Douze milliards d’euros: la mécanique économique
Le calendrier interroge. Pourquoi imposer cette stratégie maintenant, contre l’avis de la Santé et de l’Éducation? La réponse économique est explicite dans le document: un marché mondial estimé à 12 milliards d’euros d’ici 2030 [63]. Emmanuel Macron l’avait déjà annoncé en 2022 [64] en recevant les acteurs du secteur à l’Élysée. Le gouvernement Lecornu [65] y voit l’opportunité de soutenir des « fleurons français » comme l’éditeur Ubisoft [66].
La géographie de ce marché éclaire la stratégie. Les 12 milliards d’euros attendus en 2030 [63] [67] se répartissent entre droits de diffusion, sponsoring, billetterie événementielle, ventes d’éditeurs et formations. La France, qui héberge Ubisoft [66] - l’un des derniers grands éditeurs européens - et un tissu d’organisateurs de compétitions dont ArmaTeam [47], cherche à capter une part qu’aucune source officielle ne chiffre publiquement à ce stade. Le mécanisme financier d’« Educ Esport » illustre la manière dont l’argent public scolaire peut irriguer ce marché privé: moitié financée par l’État, moitié par ArmaTeam [48], l’expérimentation produit une thèse de doctorat - également cofinancée - qui sert ensuite de caution scientifique au déploiement national. Le lobby France Esports [49], dont ArmaTeam est membre, est en position de bénéficier directement de l’industrialisation du dispositif. Autrement dit, un euro privé investi dans le pilote pourrait débloquer plusieurs euros publics dans la phase de généralisation.

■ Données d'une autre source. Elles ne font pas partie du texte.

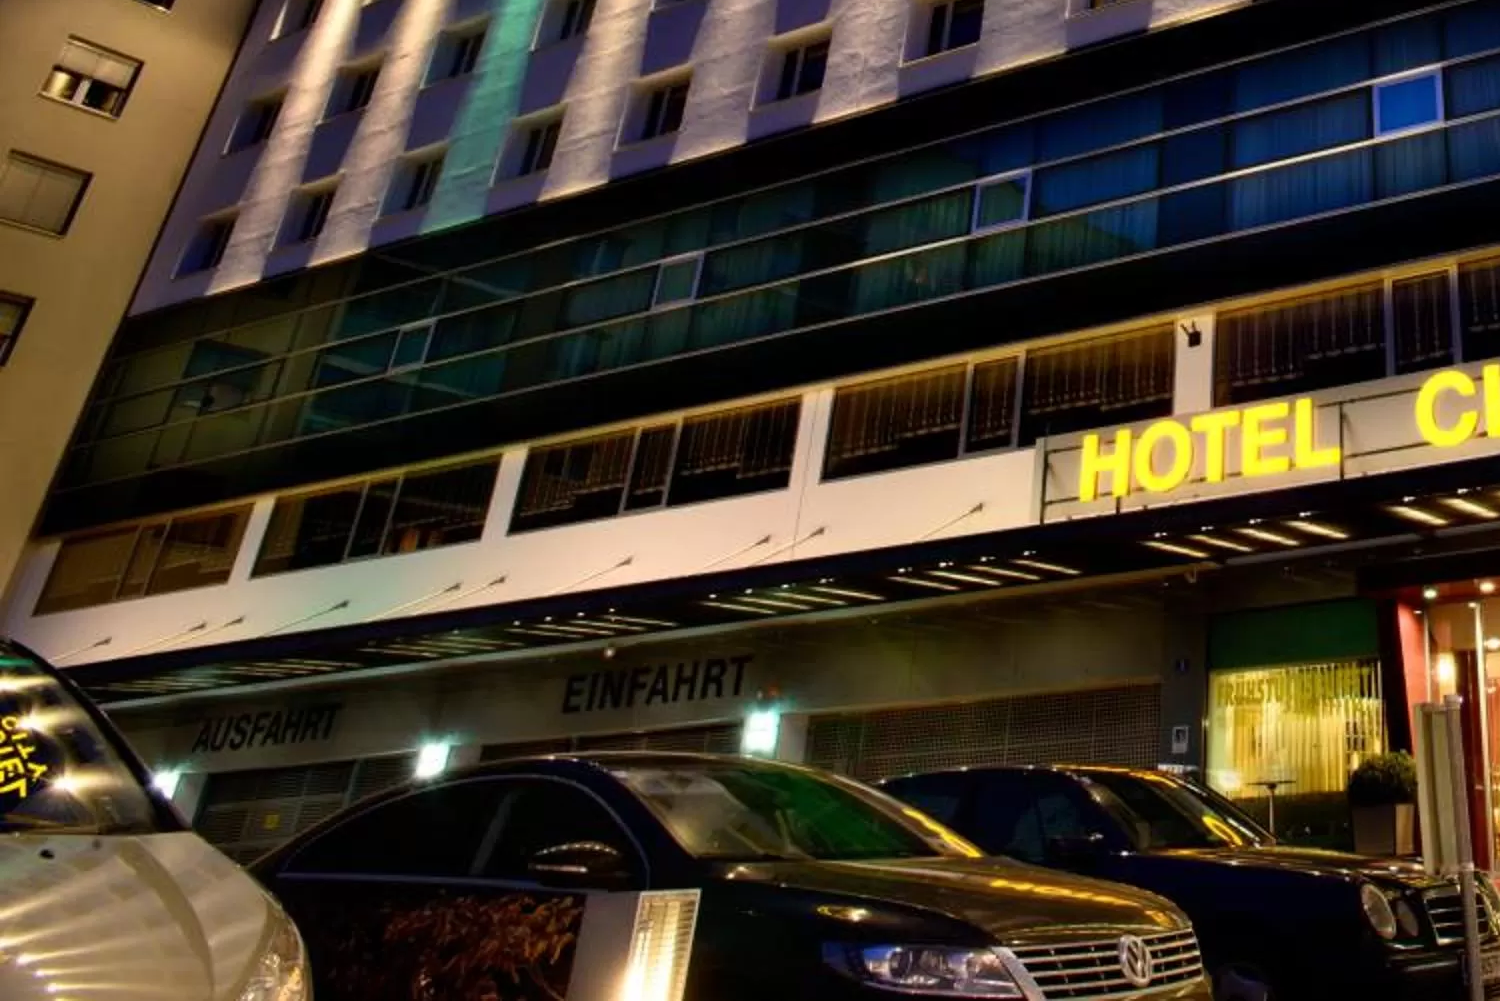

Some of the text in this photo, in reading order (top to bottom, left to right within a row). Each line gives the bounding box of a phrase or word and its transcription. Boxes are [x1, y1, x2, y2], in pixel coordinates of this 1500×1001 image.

[1078, 397, 1341, 503] HOTEL
[562, 655, 754, 714] EINFAHRT
[191, 702, 343, 753] AUSFAHRT
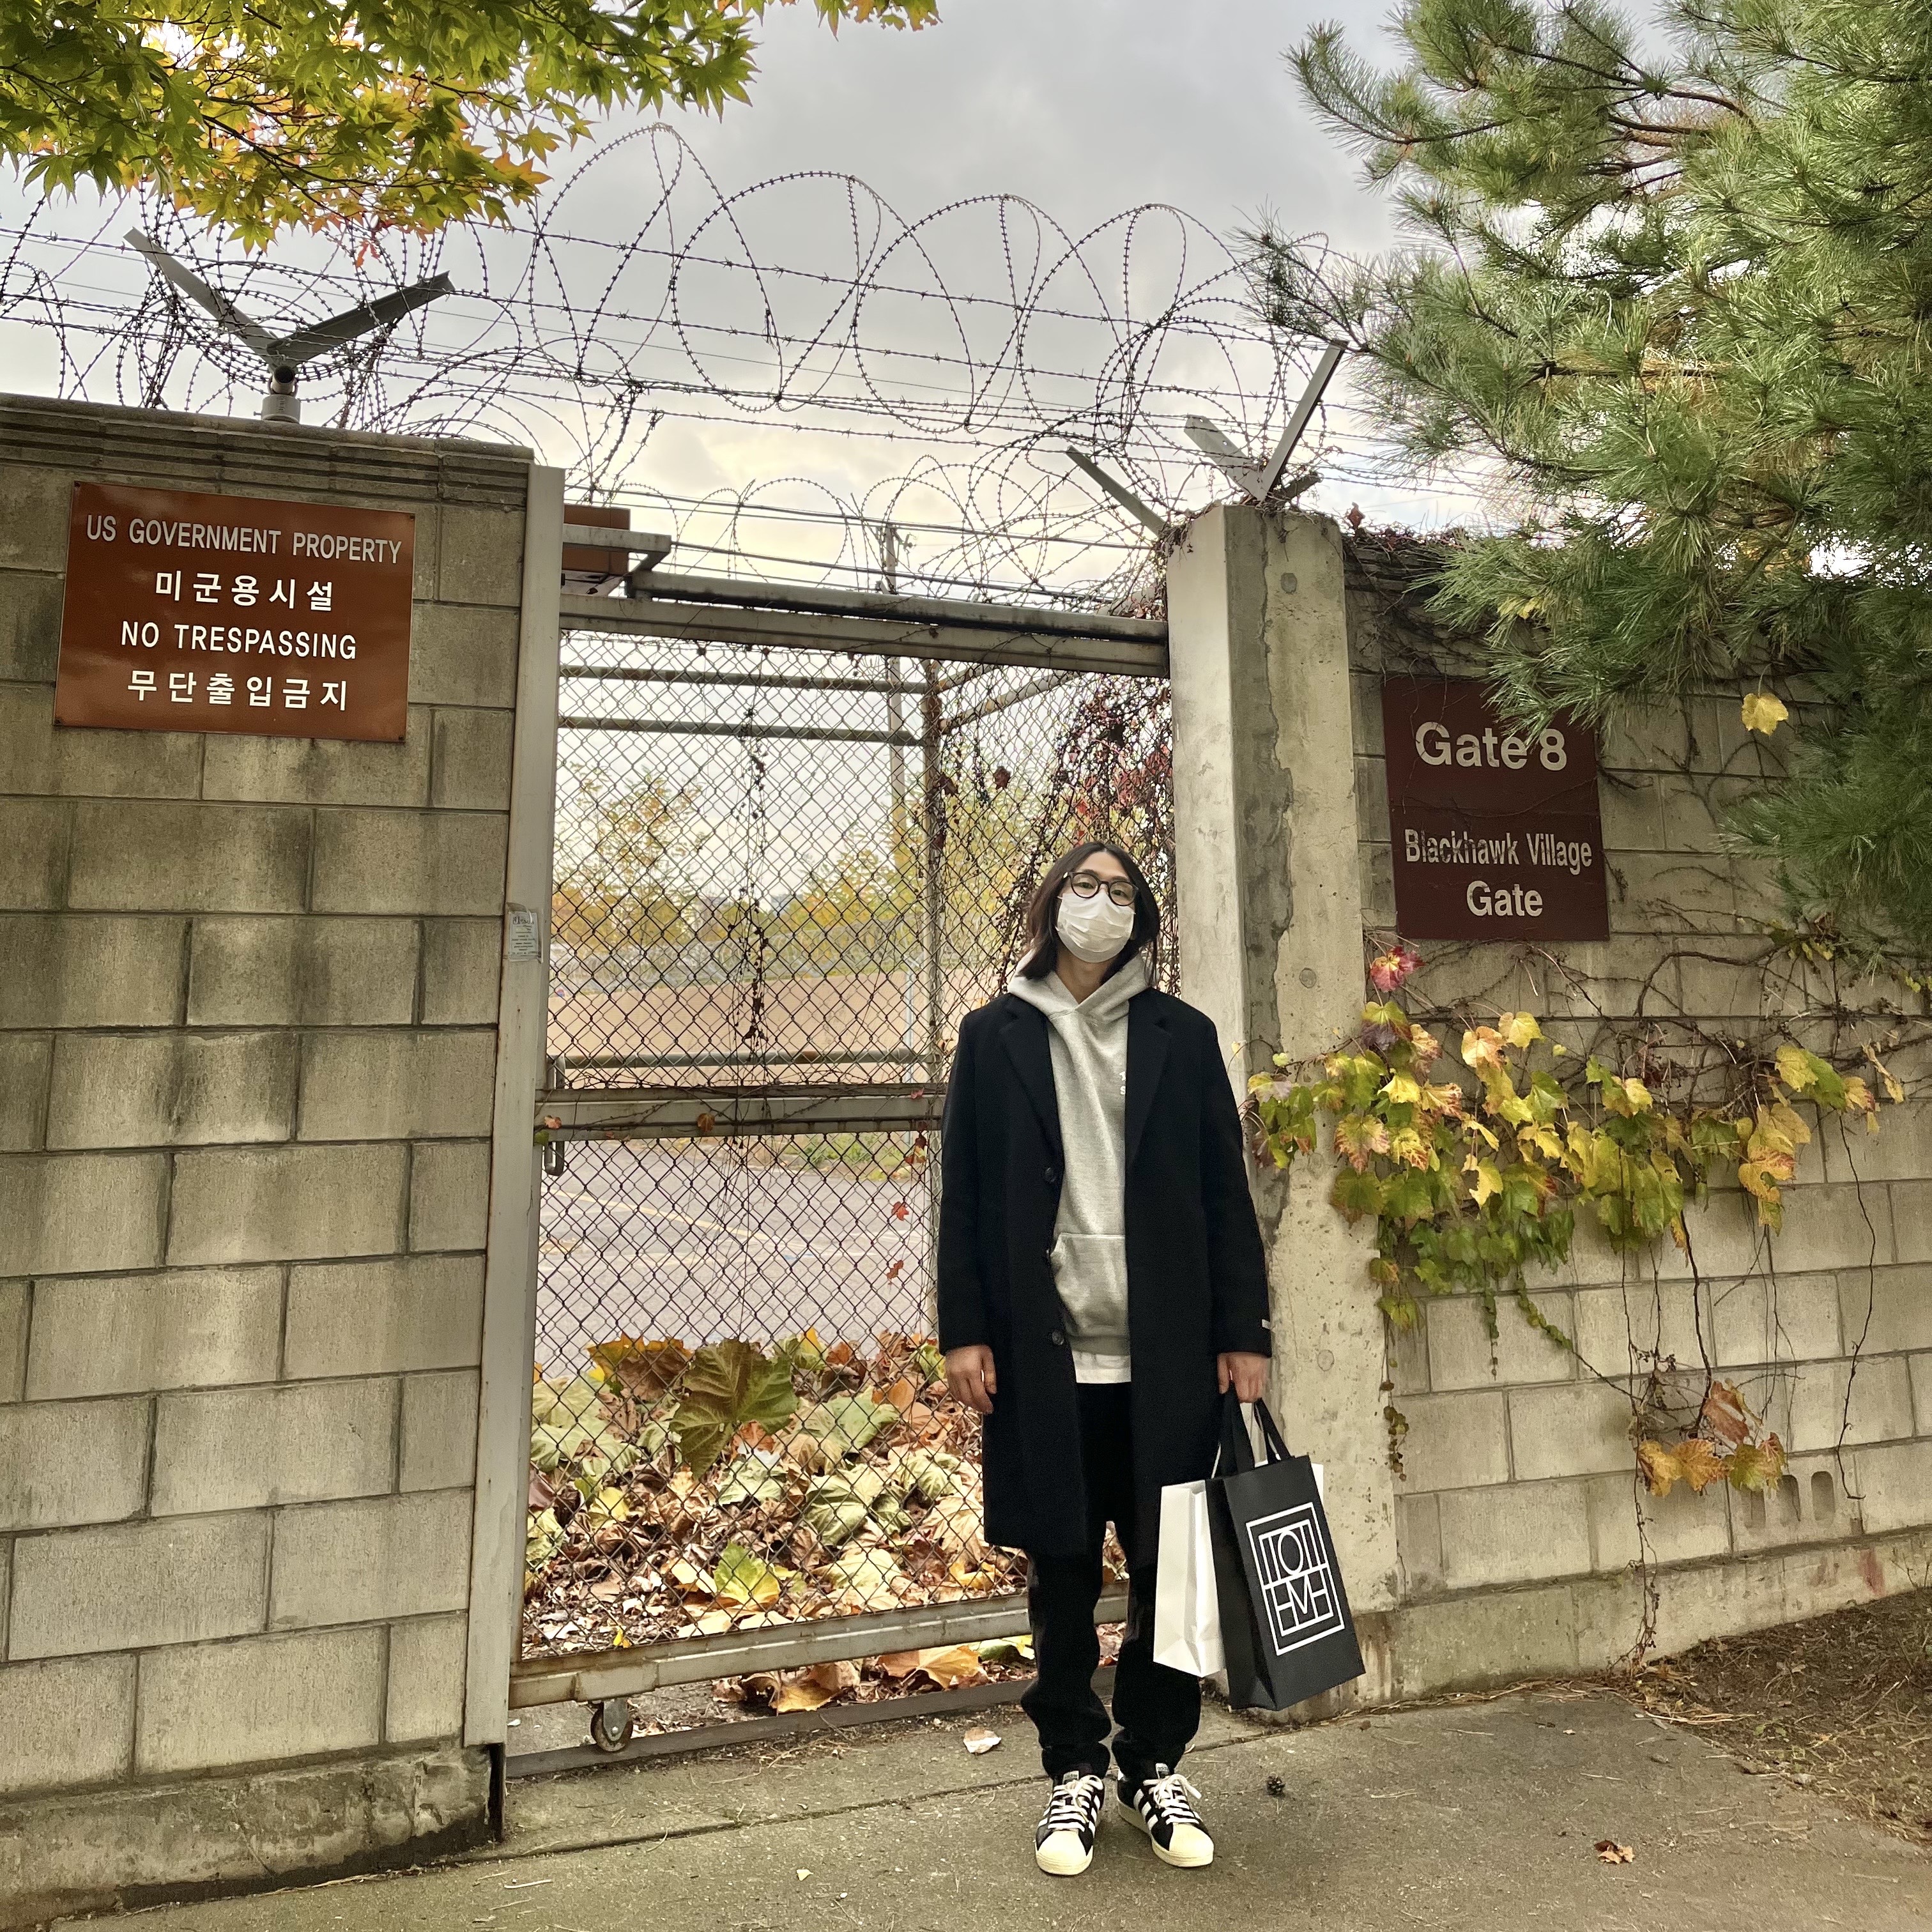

Sur le terrain, la dynamique est déjà enclenchée. Le lycée Louise Michel de Grenoble [68] accueille onze jeunes [69] en section e-sport, à raison de dix heures par semaine [70] - une première en France. La proviseure Véronique Ghiglione [71] affirme que les élèves « ont tous progressé à l’école » [72]. Mais l’expérimentation reste anecdotique au regard d’un déploiement national.
« Validé et tamponné » contre « pas arrêté »: que signifient ces mots?
Face au tollé, Matignon a publié un démenti tortueux: « la stratégie esport n’est pas arrêtée » et « en aucun cas il n’est prévu d’intégrer l’esport aux programmes de l’Éducation nationale » [73]. Le ministère des Armées [74] assure de son côté que la stratégie n’est pas définitivement arrêtée [75]. Or les documents consultés par la cellule investigation de Radio France étaient « finaux, validés, tamponnés » [1].
Que vaut, dans la procédure interministérielle française, un document « validé et tamponné » par le cabinet du Premier ministre? Selon la pratique administrative usuelle, un tel document constitue un « bleu de Matignon » - le terme désigne traditionnellement le relevé des arbitrages rendus par le Premier ministre à l’issue d’une réunion interministérielle. Ce relevé n’a pas valeur réglementaire en lui-même, mais il fixe la position du gouvernement et engage les administrations à le décliner. Affirmer simultanément que le document est « tamponné » et que la stratégie « n’est pas arrêtée » revient donc à jouer sur deux registres: celui de la décision politique (effective) et celui de la publication officielle (à venir). La distinction sémantique entre « parcours scolaires » - terme officiel du document [6] - et « programmes » permet au cabinet du Premier ministre de se réfugier derrière un argument technique: les « programmes » désignent stricto sensu les contenus disciplinaires définis par décret, tandis que les « parcours » englobent toute l’offre éducative péri- et extra-scolaire. Le démenti est exact mot pour mot; il est trompeur dans son intention.
Notre lecture: l’arbitrage rendu par Matignon traduit une victoire de la logique économique sur la logique sanitaire. Quand l’industrie cofinance l’expérimentation qui sert ensuite à justifier le déploiement national, le conflit d’intérêts cesse d’être un soupçon pour devenir un mécanisme. Le rapport remis au président en avril 2024 [76] aura mis seulement deux ans à être contredit par le même exécutif qui l’avait commandé.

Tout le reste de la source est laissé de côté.